*Goal of the exercise:*
Your answer should be an exact copy of all the entries, free of pictures.

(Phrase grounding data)
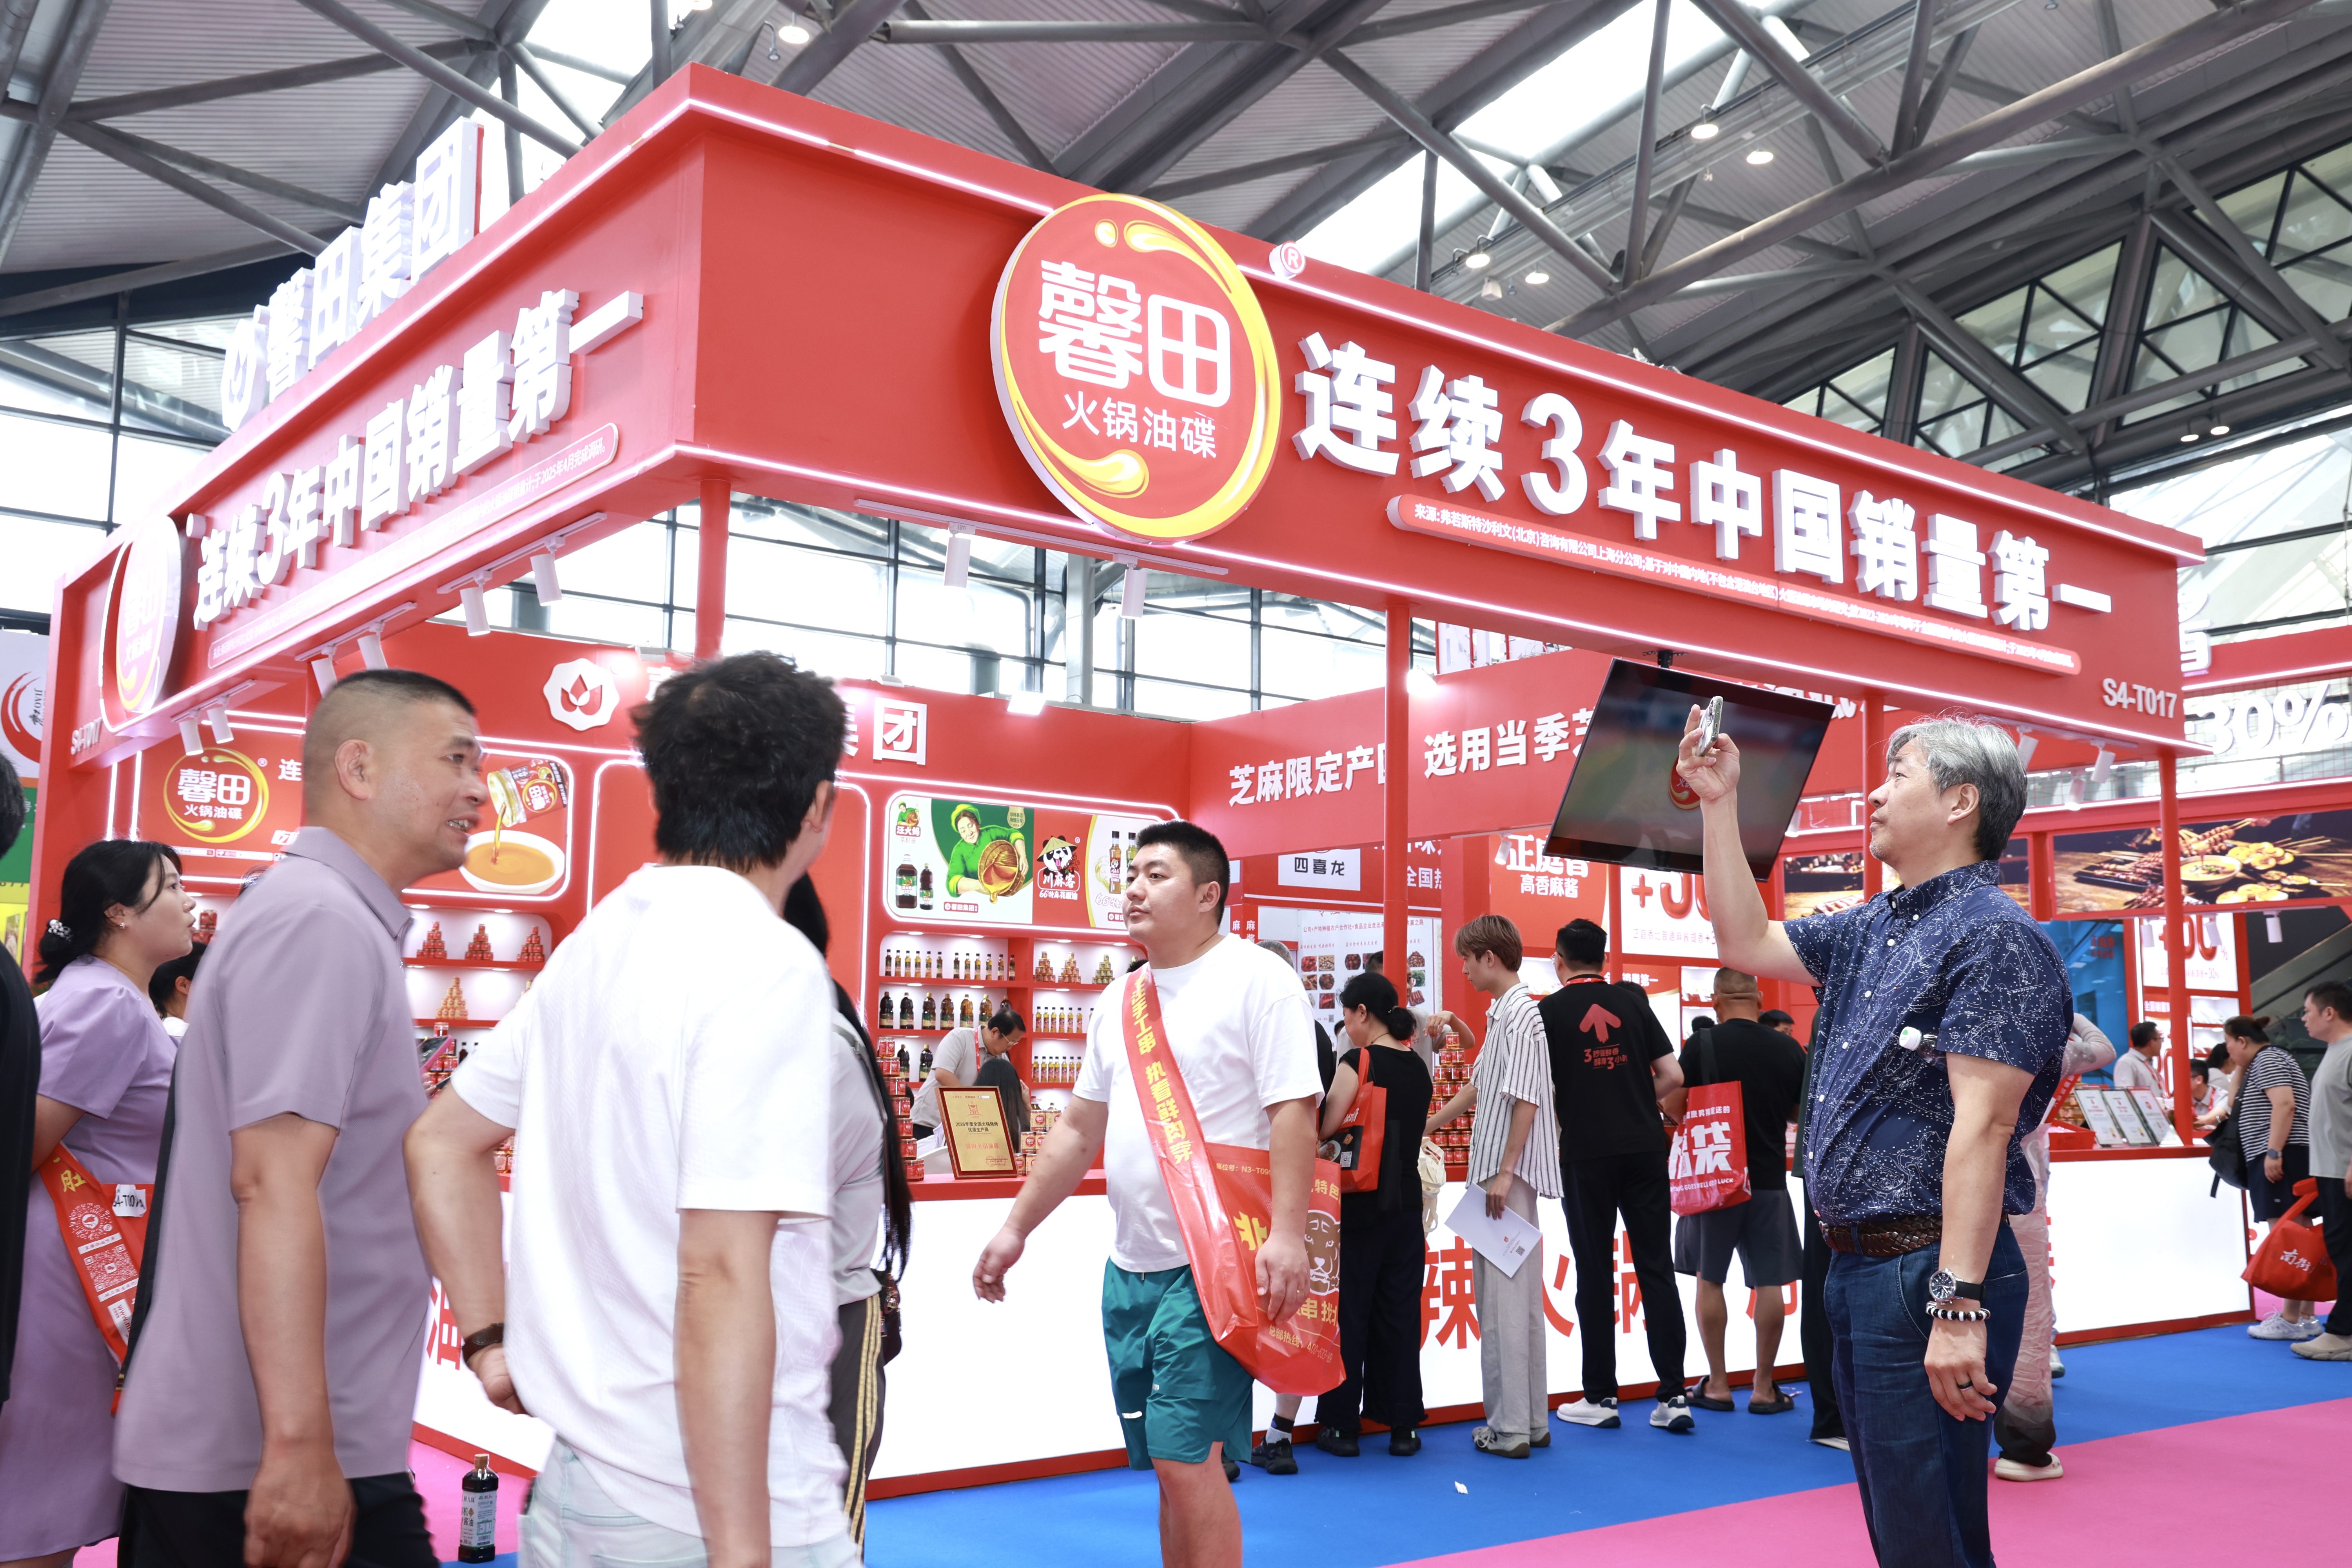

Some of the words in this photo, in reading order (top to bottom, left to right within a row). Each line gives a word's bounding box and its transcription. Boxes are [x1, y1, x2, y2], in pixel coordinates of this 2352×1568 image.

[1037, 259, 1232, 408] 馨田
[1062, 390, 1217, 459] 火锅油碟
[194, 288, 644, 631] 连续3年中国销量第一
[1292, 330, 2112, 631] 连续3年中国销量第一
[2102, 678, 2177, 718] S4-T017
[177, 768, 251, 805] 馨田
[184, 804, 243, 820] 火锅油碟
[896, 826, 920, 836] 汪大妈
[1043, 871, 1076, 889] 川麻客
[1294, 857, 1345, 877] 四喜龙
[1520, 873, 1579, 898] 高香麻酱
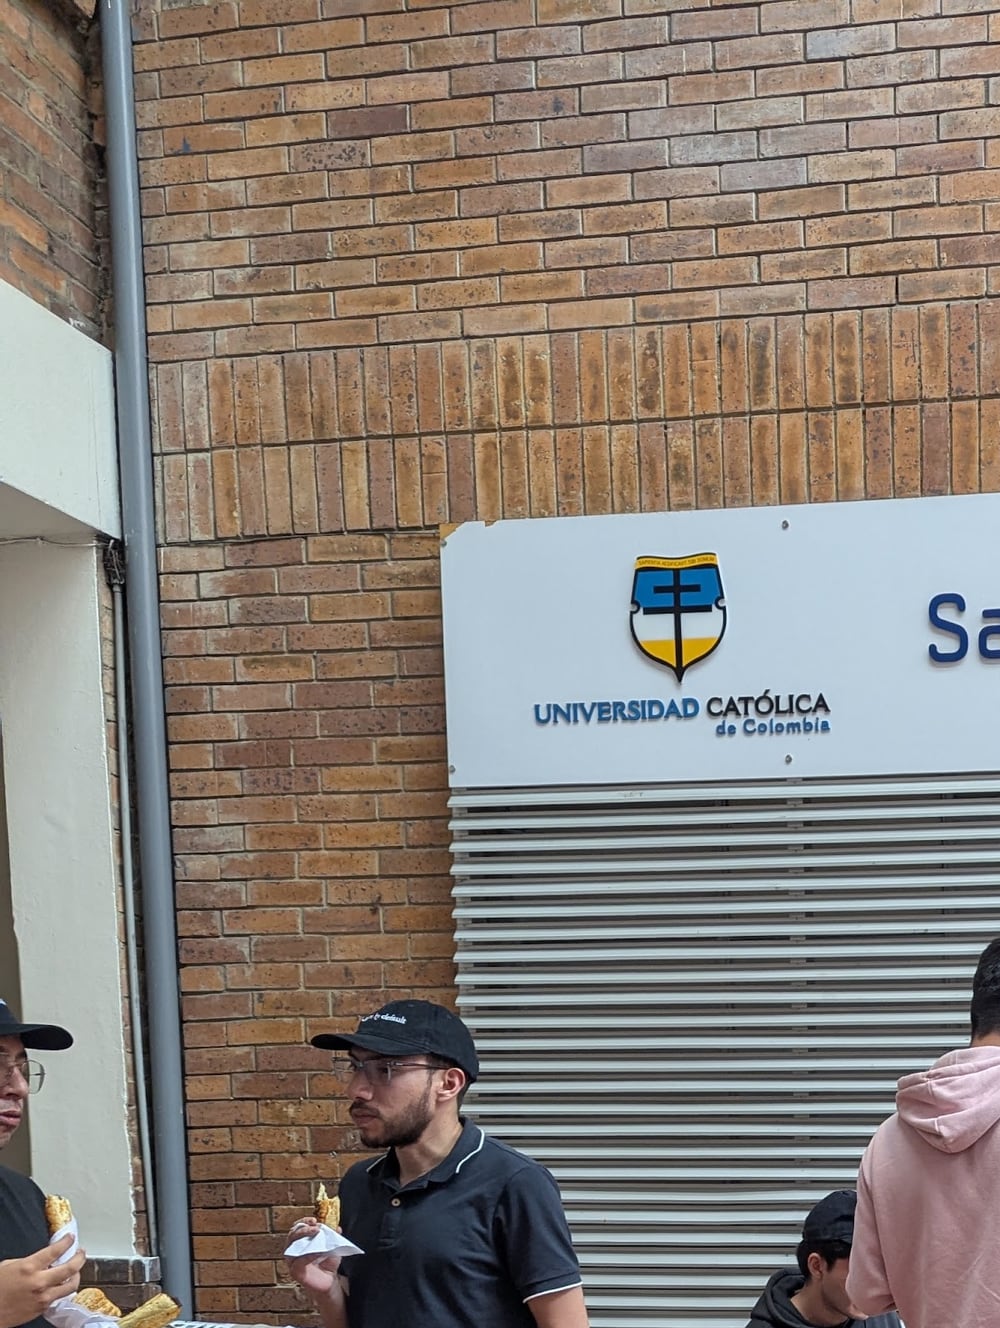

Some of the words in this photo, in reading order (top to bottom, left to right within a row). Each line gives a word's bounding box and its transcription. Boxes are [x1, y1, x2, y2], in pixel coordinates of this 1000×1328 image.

[534, 697, 700, 724] UNIVERSIDAD
[706, 689, 831, 716] CATÓLICA
[716, 720, 736, 735] de
[743, 717, 831, 735] Colombia
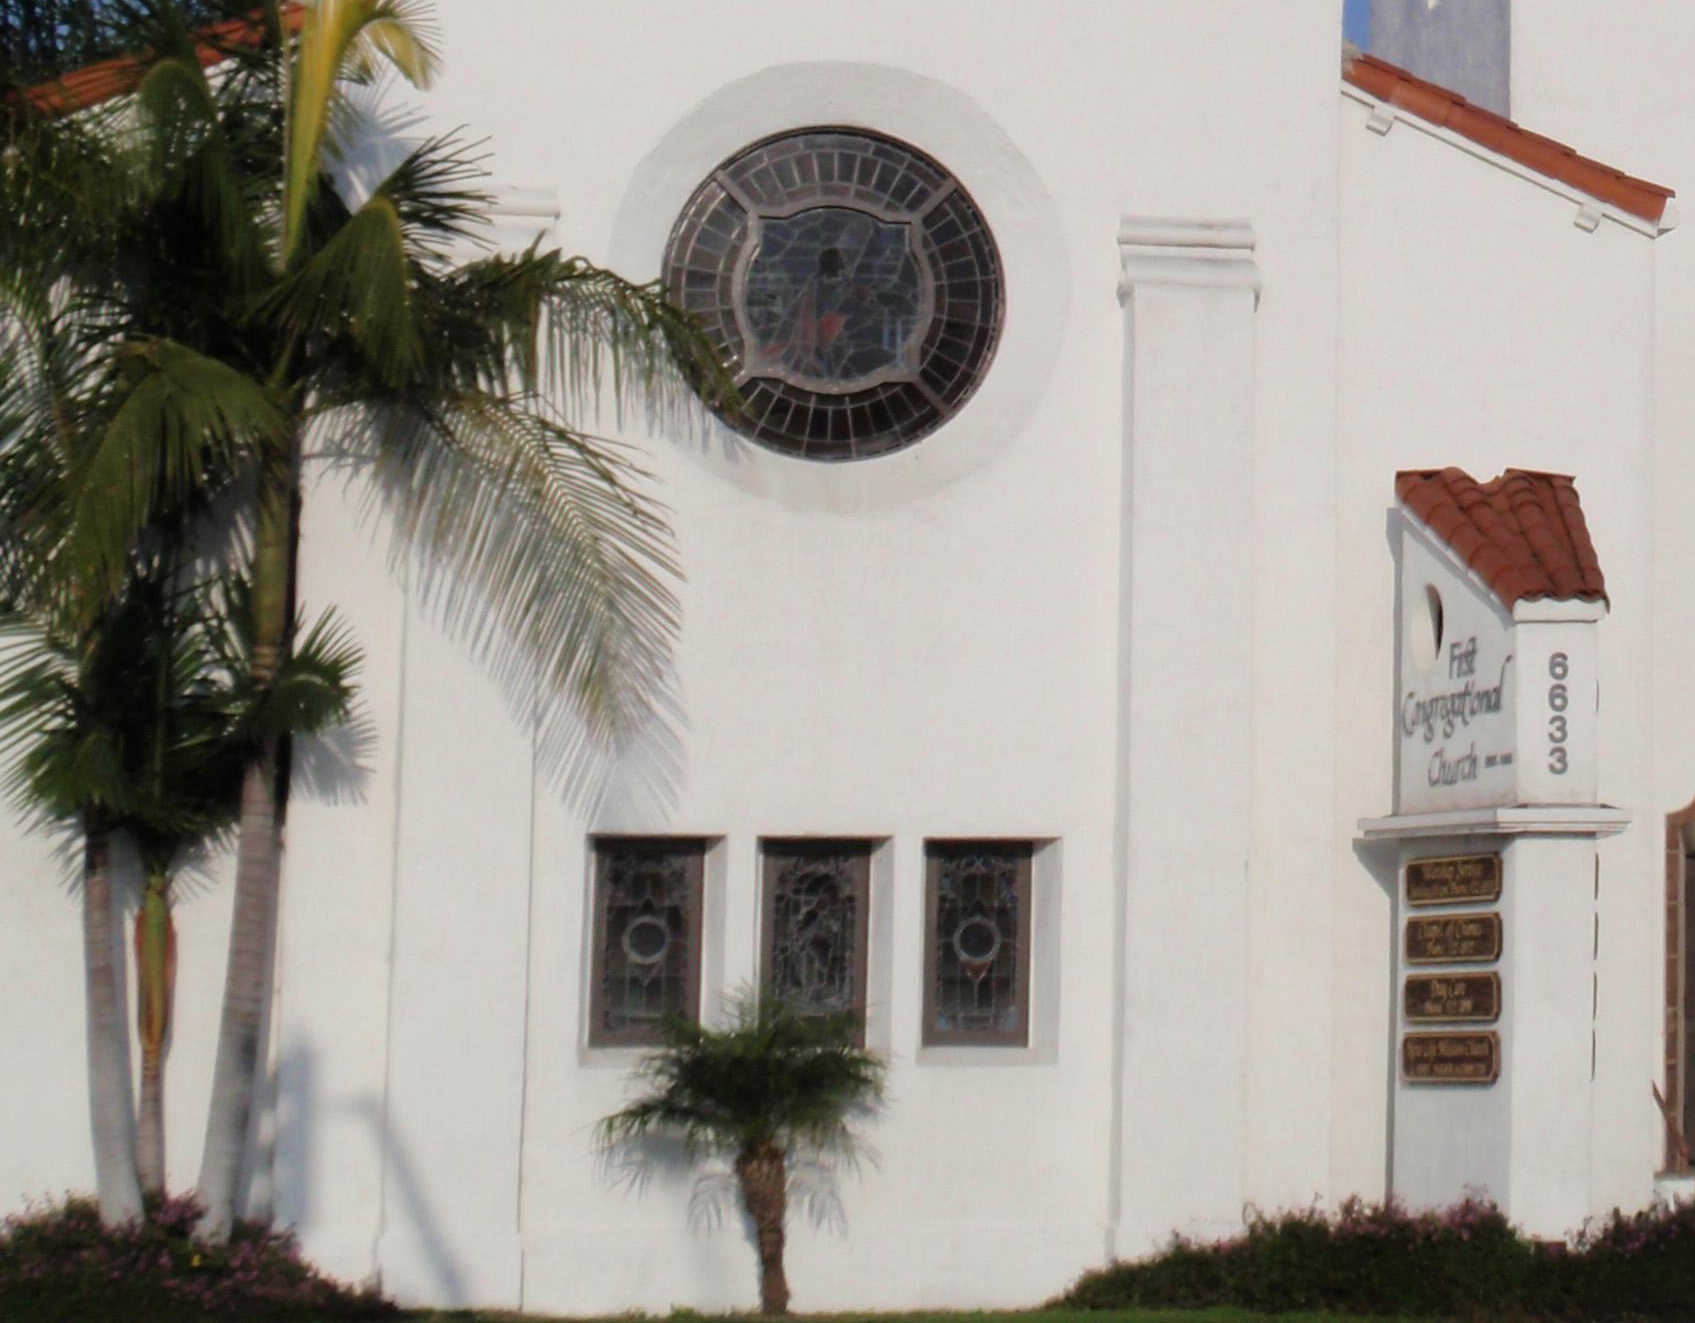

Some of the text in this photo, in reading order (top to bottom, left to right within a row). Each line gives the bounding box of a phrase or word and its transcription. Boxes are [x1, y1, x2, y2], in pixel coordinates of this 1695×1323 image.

[1449, 636, 1476, 679] First
[1403, 654, 1513, 743] Congregational
[1548, 651, 1569, 775] 6633
[1428, 741, 1477, 787] Church

*Output below:*
Some of the words in this photo, in reading order (top to bottom, left to right within a row). Each line gives a word's bounding box and its transcription. Boxes are [x1, y1, x2, y2], in pixel coordinates of this 2352×1568 image.

[1037, 259, 1232, 408] 馨田
[1062, 390, 1217, 459] 火锅油碟
[194, 288, 644, 631] 连续3年中国销量第一
[1292, 330, 2112, 631] 连续3年中国销量第一
[2102, 678, 2177, 718] S4-T017
[177, 768, 251, 805] 馨田
[184, 804, 243, 820] 火锅油碟
[896, 826, 920, 836] 汪大妈
[1043, 871, 1076, 889] 川麻客
[1294, 857, 1345, 877] 四喜龙
[1520, 873, 1579, 898] 高香麻酱

Some of the words in this photo, in reading order (top to bottom, left to right within a row). Each line gives a word's bounding box and its transcription. Boxes are [x1, y1, x2, y2], in pixel coordinates of this 1000×1328 image.

[534, 697, 700, 724] UNIVERSIDAD
[706, 689, 831, 716] CATÓLICA
[716, 720, 736, 735] de
[743, 717, 831, 735] Colombia

Some of the text in this photo, in reading order (top to bottom, left to right within a row). Each line gives the bounding box of a phrase or word and its transcription. Boxes are [x1, y1, x2, y2], in pixel coordinates of this 1695×1323 image.

[1449, 636, 1476, 679] First
[1403, 654, 1513, 743] Congregational
[1548, 651, 1569, 775] 6633
[1428, 741, 1477, 787] Church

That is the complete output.